Inflation has been below the Fed’s 2% target for more than five years. Federal Reserve Chair Janet Yellen told a congressional committee this week that there were good reasons for the decline before this year; a deep recession, a strong dollar holding down import prices, and a big fall in oil prices. But she said the shortfall in inflation this year was something of a mystery.

However, she maintained that she still believed inflation would resume rising toward the Fed’s 2% goal.
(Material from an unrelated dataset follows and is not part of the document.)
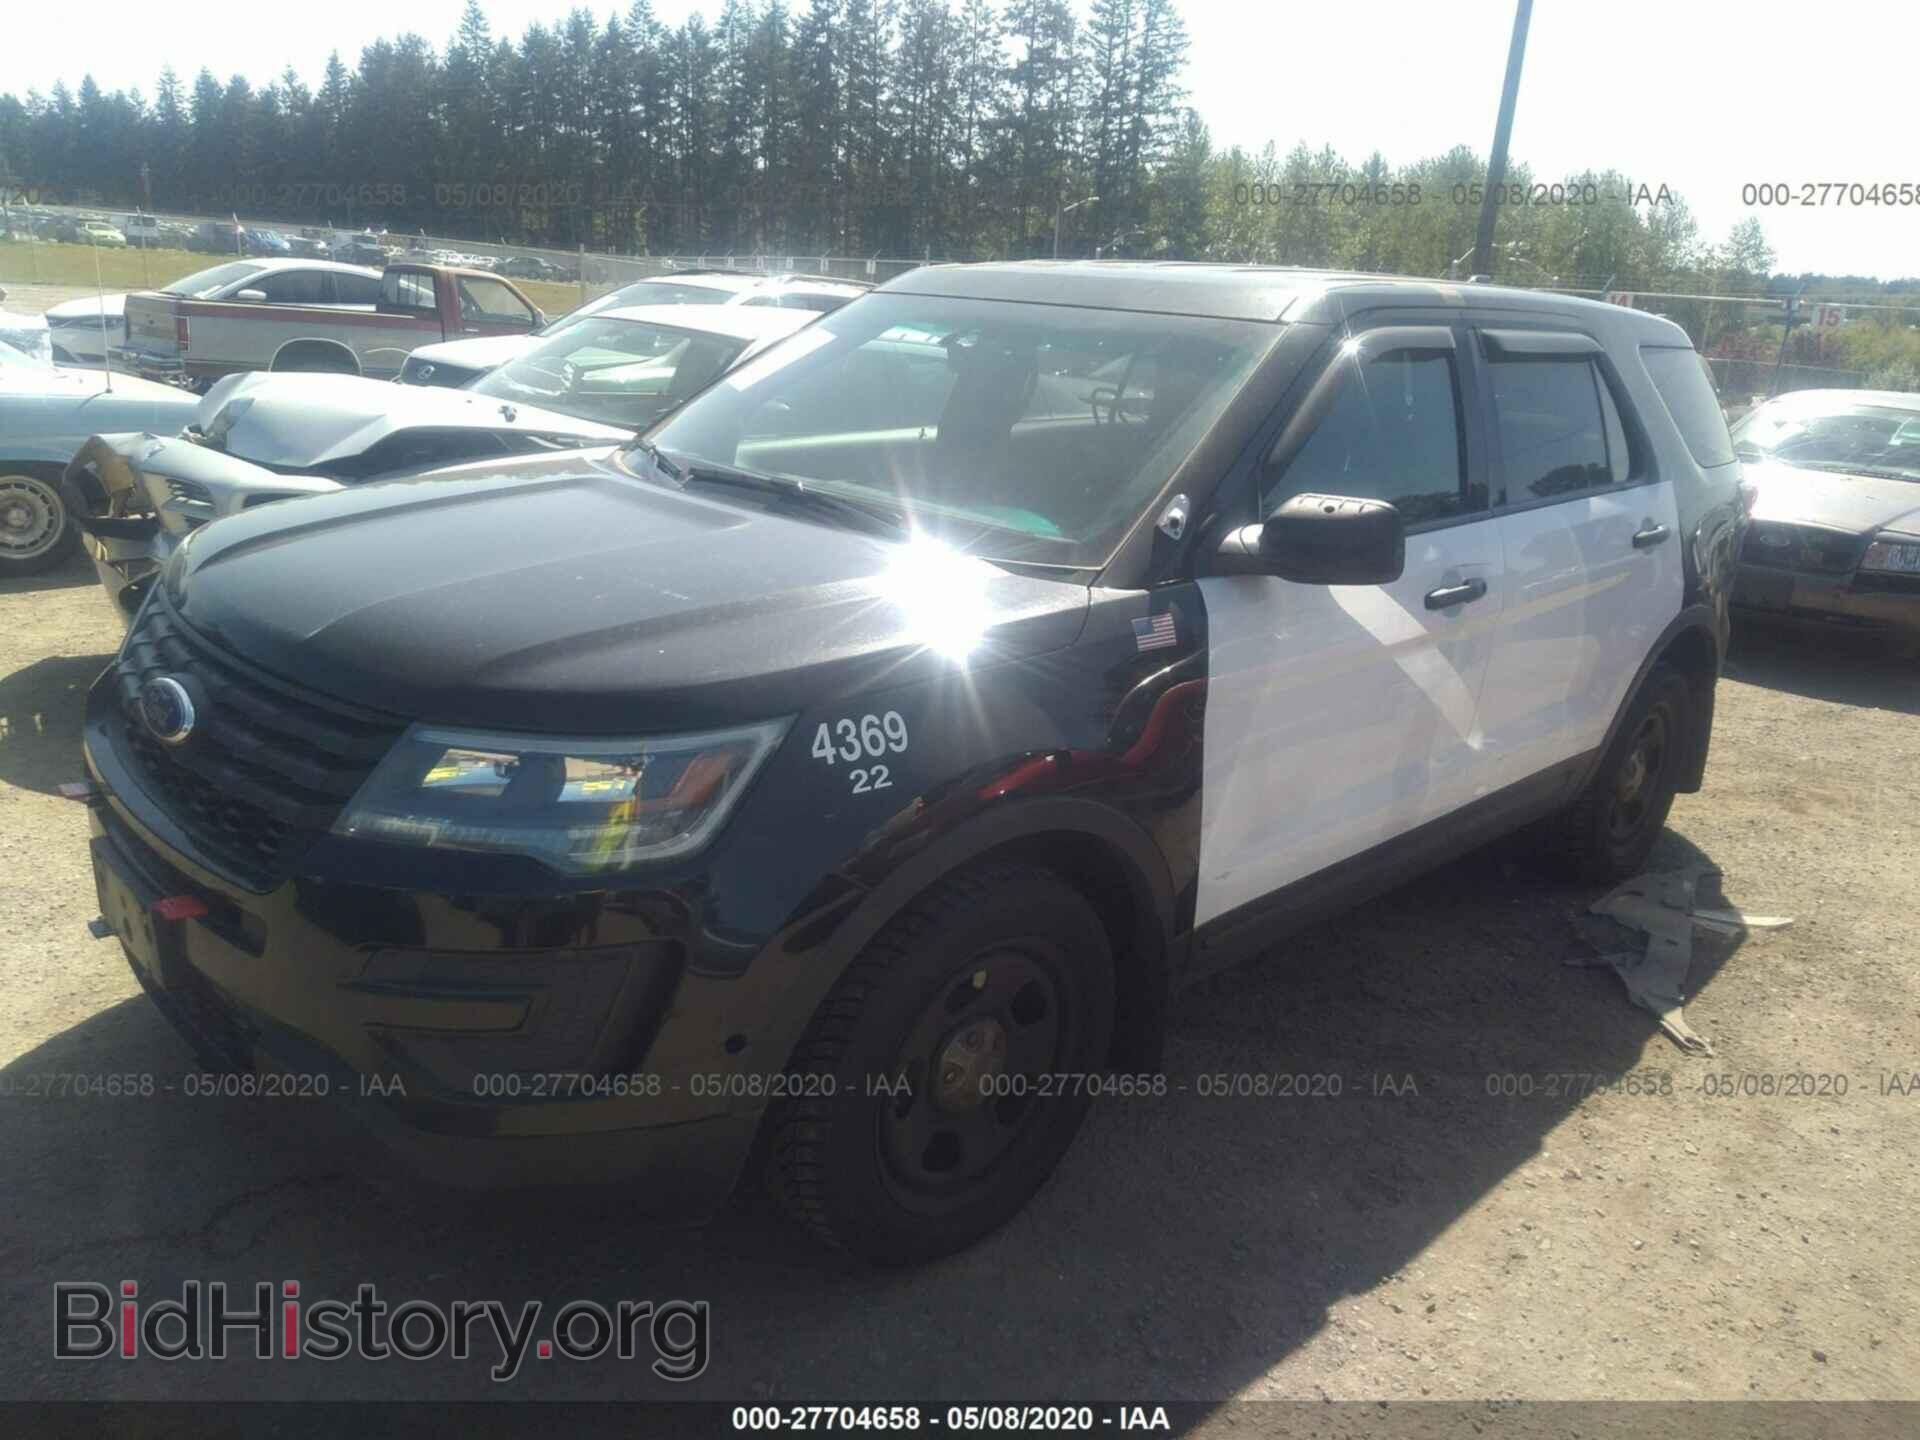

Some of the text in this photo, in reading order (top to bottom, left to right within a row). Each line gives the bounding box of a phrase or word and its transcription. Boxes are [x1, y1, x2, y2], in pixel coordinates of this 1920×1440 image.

[1818, 304, 1841, 328] 15
[811, 710, 909, 765] 4369
[849, 764, 894, 794] 22
The central bank is expected to hike its key policy rate for a third time when it meets in December.

“We continue to see a modest acceleration in core inflation in the months ahead as enough to justify three rate hikes between now and the end of 2018,” said Royce Mendes, senior economist at CIBC Capital Markets, in a research note. “The slightly better than expected results should be positive for the dollar and negative for fixed income.”

The 0.3% rise in consumer spending came despite the fact that spending on durable goods such as autos actually fell 0.1% last month. That decline was offset by a 0.2% increase in spending on nondurable goods—items such as clothing and food not expected to last three years—and a 0.3% increase in spending on services, a category that covers such things as doctor’s visits and utility bills.

The personal saving rate rose to 3.2% of after-tax income in October, up from 3% in September.

After a lacklustre start to the year, the overall economy picked up in the spring with growth, as measured by the gross domestic product, rising at 3.1% rate in the second quarter and 3.3% in the third quarter. It marked the first back-to-back quarterly gains above 3% in three years. Economists believe growth will slow a bit in the current October-December quarter but still remain close to 3%.